Leaving the pictures aside, repeat the entries exactly.

# Images for object localization
────────
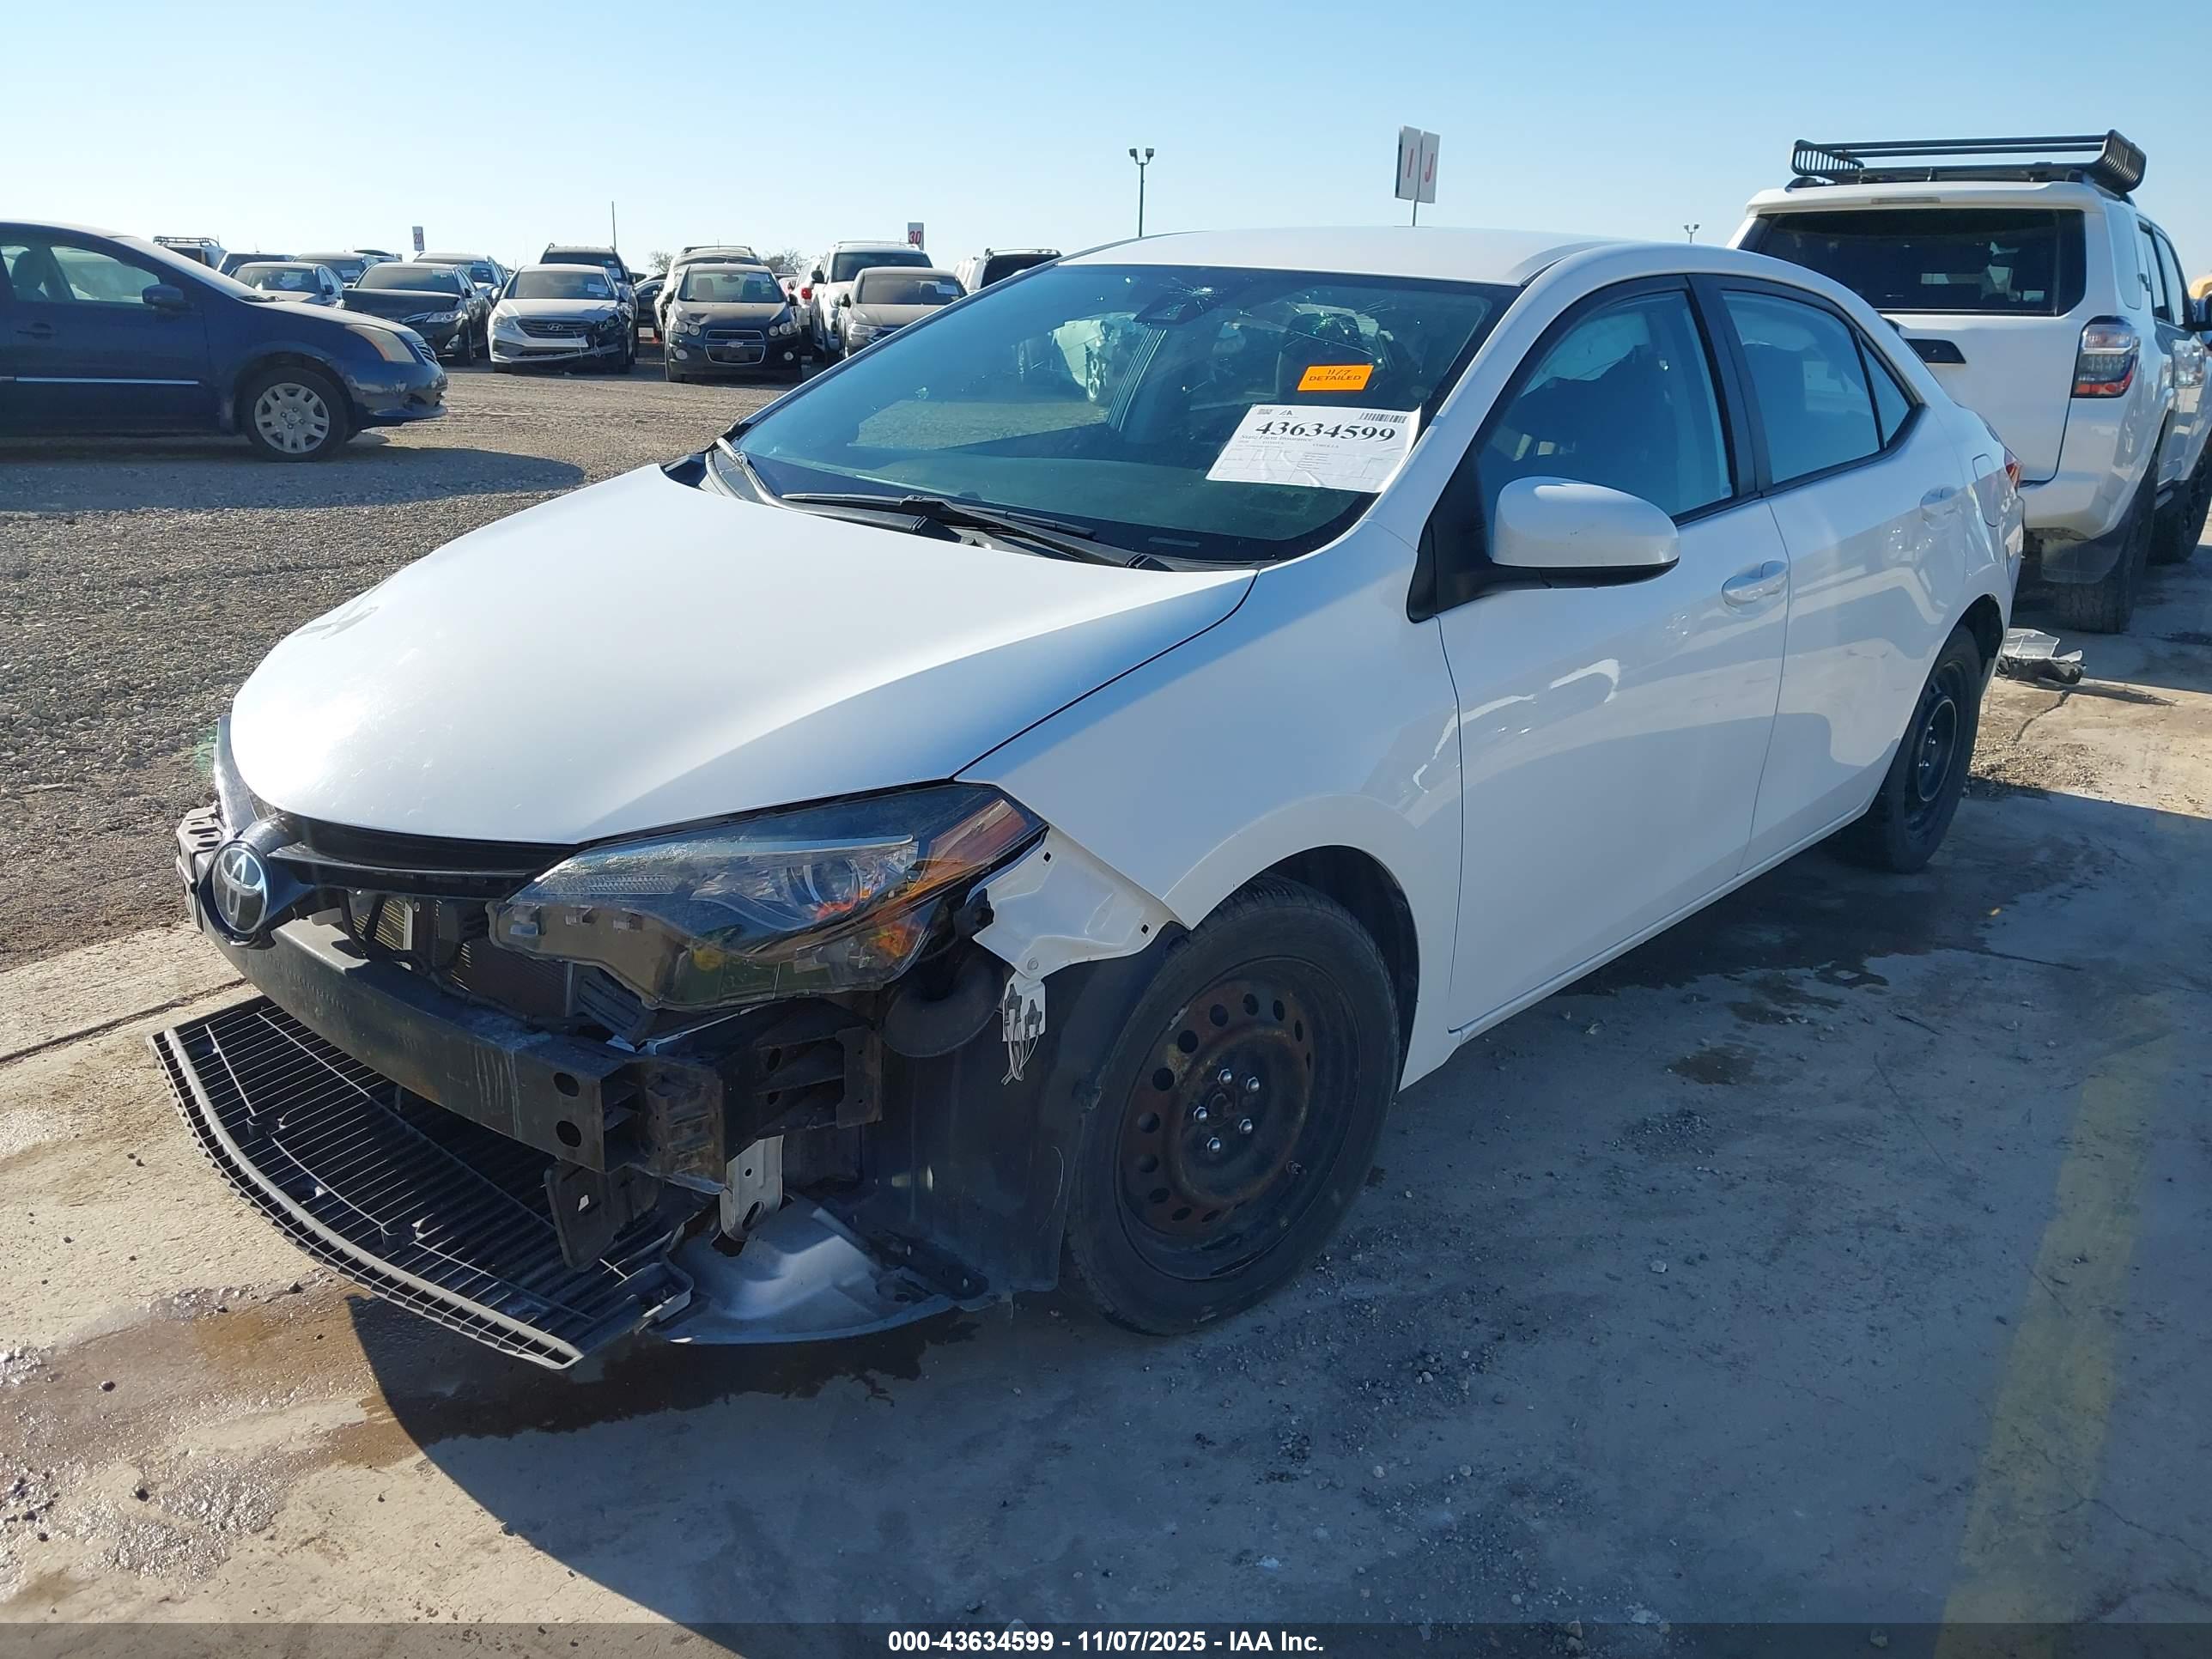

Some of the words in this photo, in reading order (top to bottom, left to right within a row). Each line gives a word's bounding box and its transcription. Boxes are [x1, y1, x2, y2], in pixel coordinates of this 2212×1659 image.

[1424, 153, 1434, 183] J
[414, 233, 422, 244] 20
[908, 230, 921, 244] 30
[1255, 420, 1396, 442] 43634599
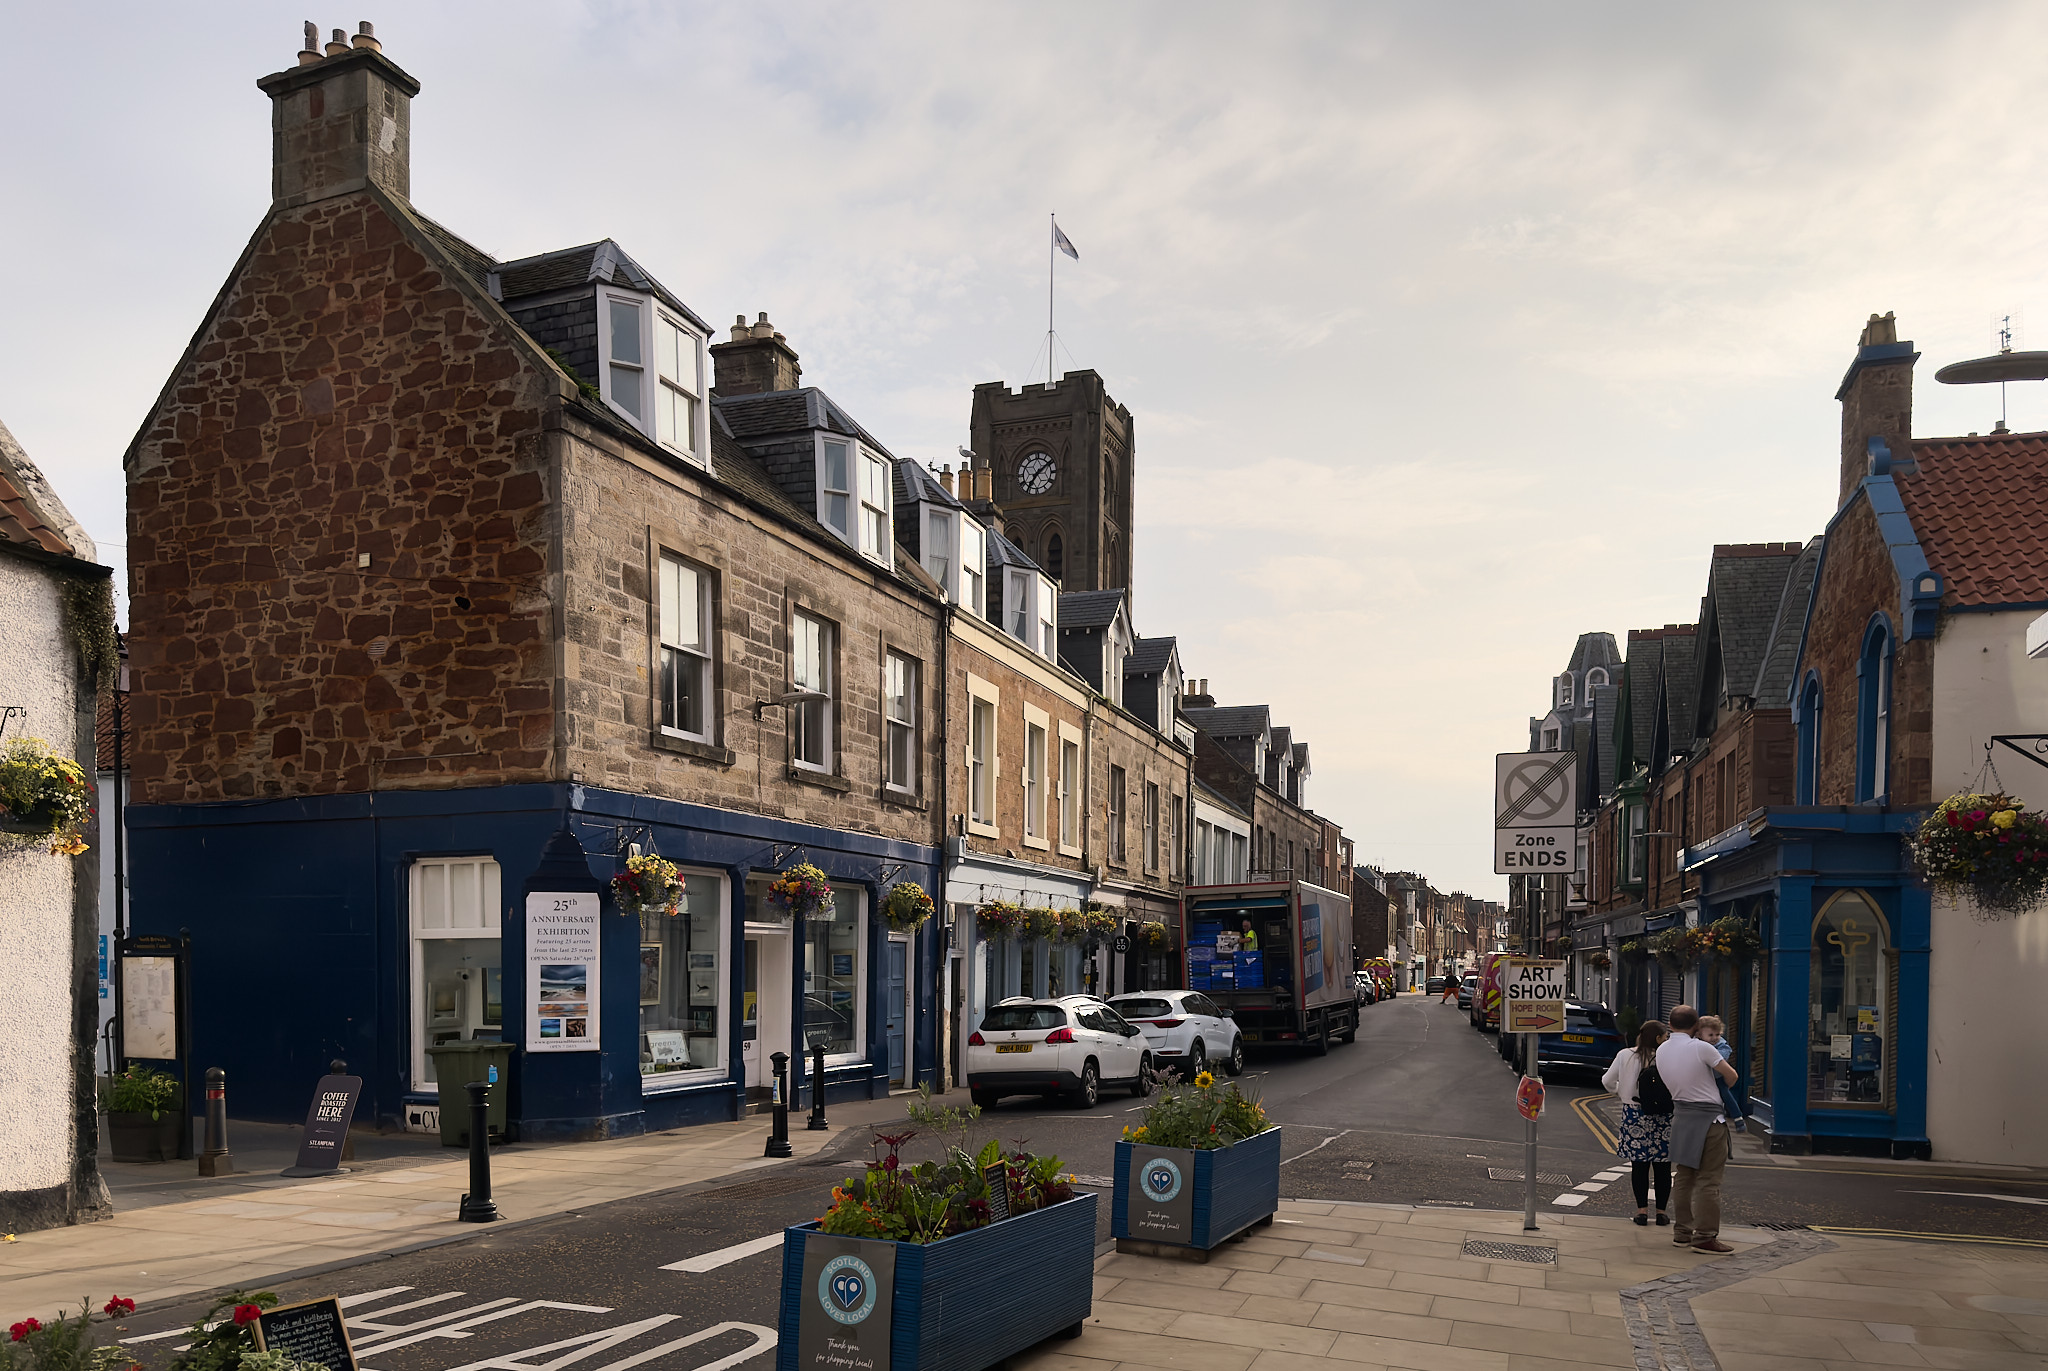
────────
# Response
Some of the words in this photo, in reading order (top to bottom, left to right within a row). Each line gives a word's bounding box and its transcription. Boxes are [x1, y1, x2, y2], in pixel coordinates of this 2212×1659 image.

[1424, 153, 1434, 183] J
[414, 233, 422, 244] 20
[908, 230, 921, 244] 30
[1255, 420, 1396, 442] 43634599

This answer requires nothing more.